510(k) Summary of Safety and Effectiveness

Intended Use

The GSA kit is for the evaluation of human semen. The kit provides the user with a set of reagents used to evaluate semen quality by measuring four parameters, recommended by the World Health Organization (WHO), that are used to help determine whether infertility is caused by abnormalities of one or more of them. The parameters to be tested for include:

• . Sperm count
• Sperm motility
• . Sperm vitality
• White blood cell (WBC) count .

The GSA kit is an in vitro diagnostic kit intended for use in a clinical laboratory test setting such as a test facility capable of providing laboratory assessment of male infertility, by skilled laboratory technicians, familiar with the handling of semen samples. This product does not contain biological materials of human origin.

The performance of the GSA kit was established by comparison to the manual method as recommended by the WHO.

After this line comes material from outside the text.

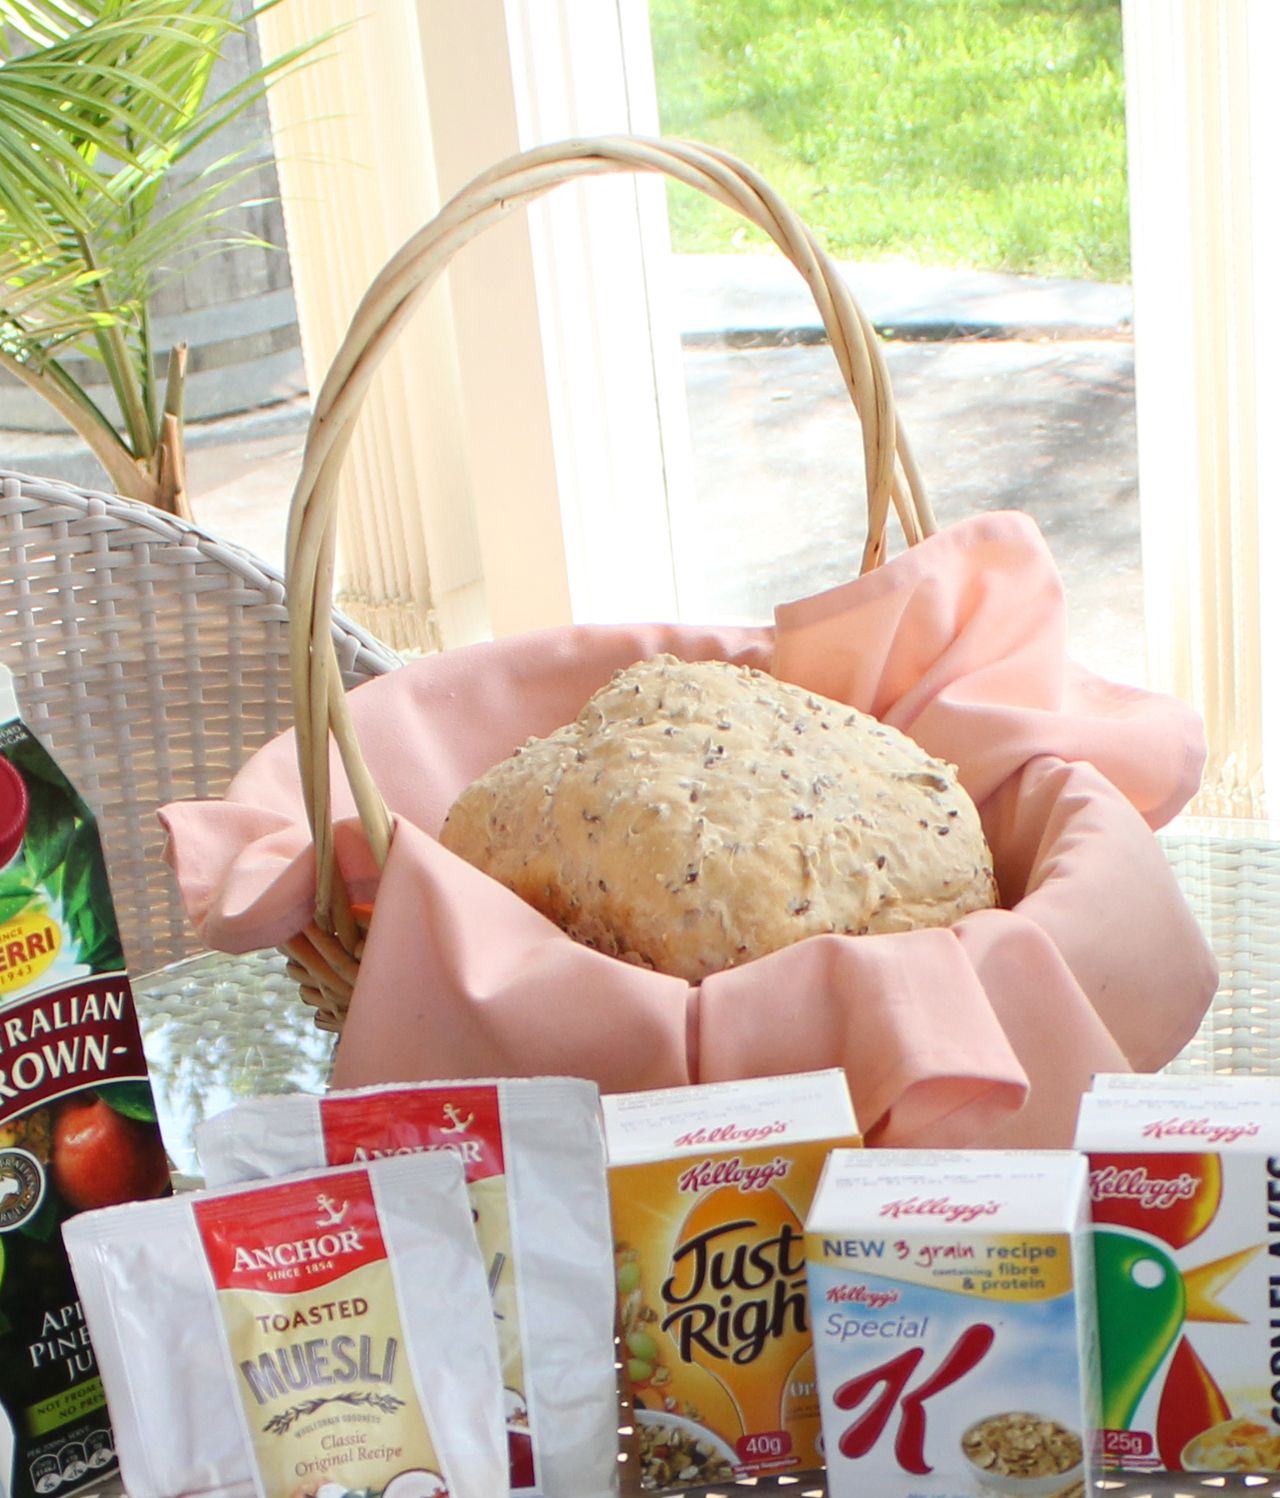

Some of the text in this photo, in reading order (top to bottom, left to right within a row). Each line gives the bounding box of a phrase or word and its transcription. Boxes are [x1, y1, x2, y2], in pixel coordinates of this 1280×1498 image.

The GSA kit involves specimen acquisition by ejaculation of semen by the patient for testing purposes. This assay presents no more of a safety hazard than the routine tests where semen samples are obtained from subjects.

Test Performance

The clinical performance of the GSA kit was evaluated via blind, multi-center, prospective clinical studies. The primary objective was to determine whether evaluation of sperm cells using the GSA kit is at least as accurate as the Routine Method. Another objective was to show that using the GSA kit provides more consistent results that are less dependent on the skills of an individual technician.

The study took place at two sites:

• IVF unit and outpatient clinic Lin Center, Carmel Hospital, Israel. .
• Baylor College of Medicine, Houston Medical Center, USA. ●

Each of the above sites has many years of experience performing semen analysis using the Routine Method.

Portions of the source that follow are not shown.